Click to buy from Powell's

Our language is a language of the intricate, the peculiar, the home of pumpkins and ragamuffins and bodkins and beer, the tongue of Ahab and Falstaff and Mrs. Gamp; and while I find it entirely suitable for reflections such as these, it fails me utterly when I attempt to describe it what I love about Greek, that language innocent of all quirks and cranks; a language obsessed with action, and with the joy of seeing action multiply from action, action marching relentlessly ahead and with yet more actions sailing in from either side to fall into neat step at the rear, in a long straight rank of cause and effect toward what will be inevitable, the only possible end.
This quote is the only one that I marked in all of Donna Tartt's The Secret History, and I think it is safe to say that it is because I was enjoying the book too much to bother picking up a pen. I effusively loved this book.  Of course, the quote is fitting, because what Tartt does is write a Greek tragedy in an English tradition (the Gothic), and she does it marvelously.  The story begins in media res, and so the reader knows for the start that there is only one "possible end."  From the first page, we know that Bunny Corcoran will die, and yet Tartt so masterfully builds suspense, piles so many actions upon actions, that we -- or at least I -- was willing to suspend all disbelief.
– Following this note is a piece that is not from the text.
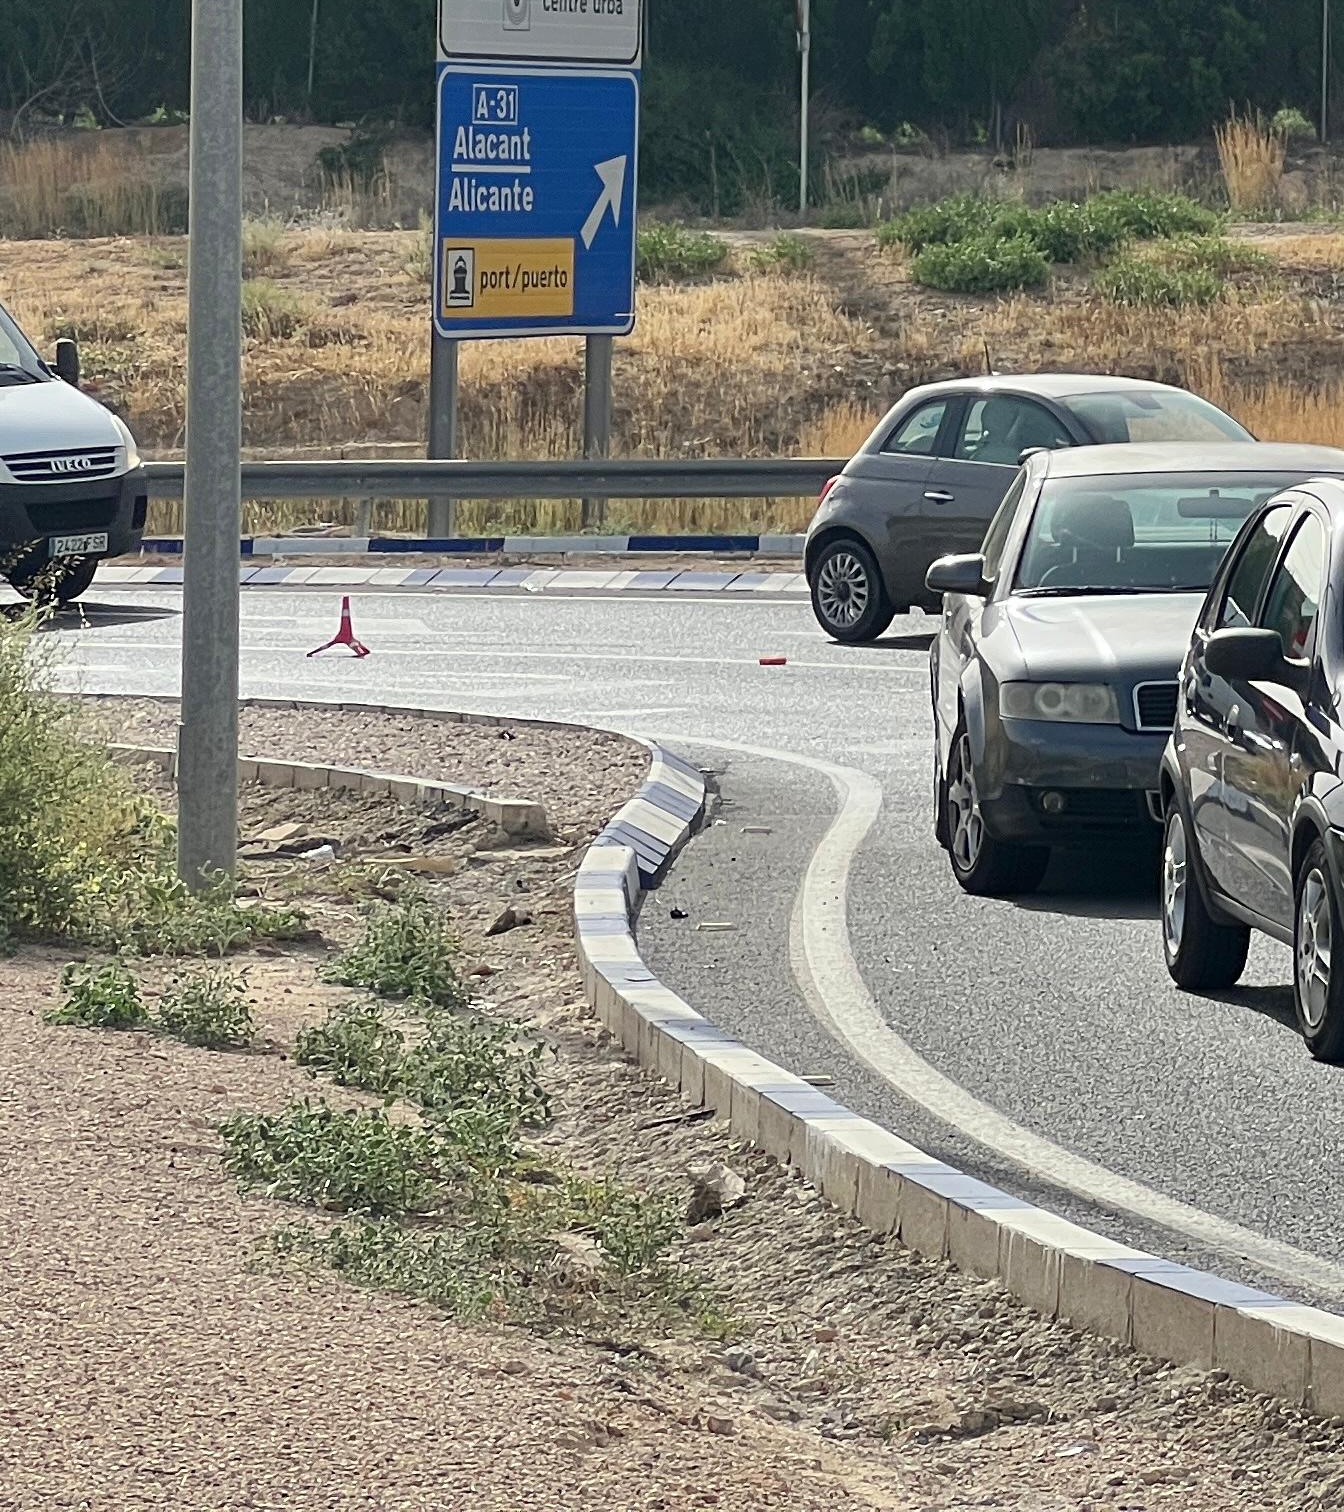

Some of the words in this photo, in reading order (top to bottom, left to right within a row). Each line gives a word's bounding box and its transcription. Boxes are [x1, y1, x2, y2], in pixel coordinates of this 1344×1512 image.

This is a campus novel, which is already a point on my score chart.  It centers on a group of students studying ancient Greek letters in an unconventional arrangement, with an outdated professor.  The narrator, Richard Papen, literary brethren of the naive and less than reliable Nick Carraway of Gatsby fame, comes along and wedges himself into the study group and into a series of strange events that will change his life, but of which he is, at first, completely unaware.  Things get pretty dark in the second half of the book as we veer into the territory of the truly Greek tragic, and if I had to offer a criticism, the book does wander, sometimes at length, into a land of the fantastical.  But, I have very little criticism, because I was willing to go where Tartt wanted to take me.  The language is superb; although I would be loathe to say I loved them, I was certainly fascinated by the characters; and, finally, over 500 pages seemed not long enough. Please, please Donna Tartt, write another book.

Title:The Secret History
Author: Donna Tartt
Publisher: Ballantine Books
Date: 1992
Genre: Literary Fiction, mystery-ish

559 delicious pages.
Where I got it: Bought it
Challenges: Chunkster, Smooth Criminals

6 comments:

  1. One of my all-time favorites! So glad you enjoyed it. I need to schedule a reread of this one shortly.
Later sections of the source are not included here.